Intraoperative TEE showed that the occluder device on the left ventricular side of the interventricular septum was opened

Fig. 5
figure 5

Intraoperative TEE showed that the occluder device was opened on both the left and right ventricular sides at the rupture of interventricular septum

Fig. 6
figure 6

Postoperative reexamination: Occluder device was in normal position

Discussion

Myocardial infarction with ventricular septal perforation will cause rapid hemodynamic changes, a serious threat to the patient’s life, often died shortly after the onset [1]. Twenty-five percent of patients died within 24 h of onset, 50% died within 1 week, and 70% died within 2 weeks [2]. Only 20% survive more than 1 month after onset [3]. The only treatment is to perform surgery to repair the rupture and correct the hemodynamic disturbance [4]. The current preference for surgical treatment is to treat it differently, depending on the condition. In some cases, no severe hemodynamic changes were produced after ventricular septal perforation, as shown by no significant reduction in cardiac output, no signs of cardiogenic shock, no symptoms of increased pulmonary venous pressure, good renal function, no reduction in urine output, and normal renal function.

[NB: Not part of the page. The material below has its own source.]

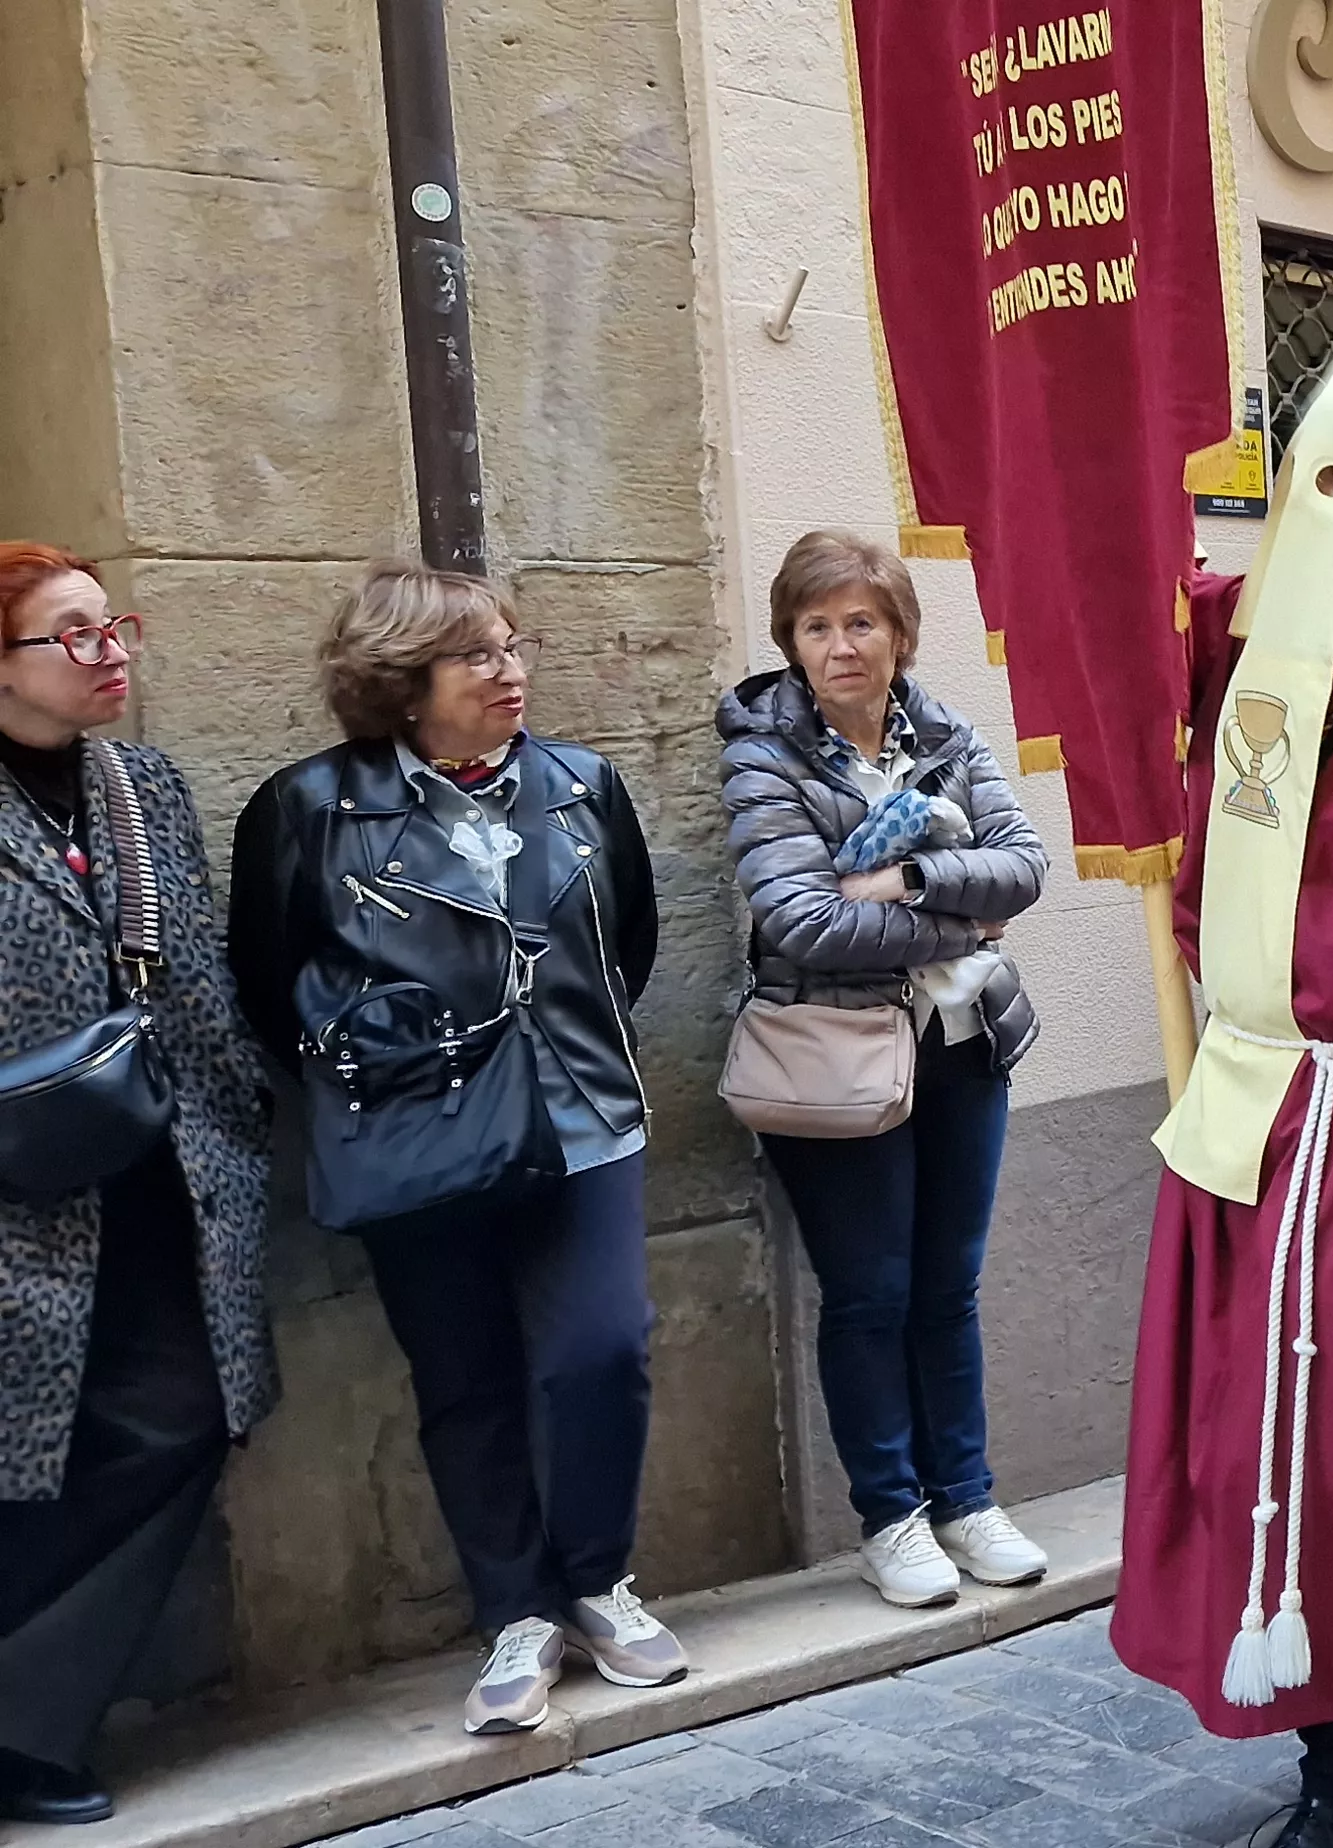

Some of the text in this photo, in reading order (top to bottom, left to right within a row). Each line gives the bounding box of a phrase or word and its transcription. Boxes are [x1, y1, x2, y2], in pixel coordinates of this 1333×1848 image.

[1008, 103, 1067, 150] LOS
[1072, 89, 1123, 144] PIES
[1009, 186, 1040, 234] YO
[1046, 175, 1124, 228] HAGO

The patient can closely observe the condition and continue medical treatment. For most cases of ventricular septal perforation, surgery should be performed as soon as possible due to rapid changes in hemodynamics after the onset of the disease, rapid deterioration of circulatory system function, presentation of cardiogenic shock, increased pulmonary venous pressure, decreased renal function, fluid imbalance and other symptoms. Although the early operative mortality after ventricular septal perforation is high, only with surgical treatment, it is possible to save the lives of a proportion of patients. In this case, the patient was unable to undergo thoracotomy, and echocardiography guided interventional closure of the ventricular septal rupture was used, and the entire procedure was uneventful. The patient was followed up for one year, and the closure effect was good, and the patient’s life was stable. This case illustrates that echocardiography guided interventional occlusion may be an alternative method for patients with myocardial infarction and ventricular septal rupture.

Conclusion

Transesophageal echocardiography-guided interventional occlusion of myocardial infarction with ventricular septal rupture in elderly patients with cardiac insufficiency is a valuable attempt, the successful treatment of this case shows that this method is feasible, for some patients is an appropriate treatment.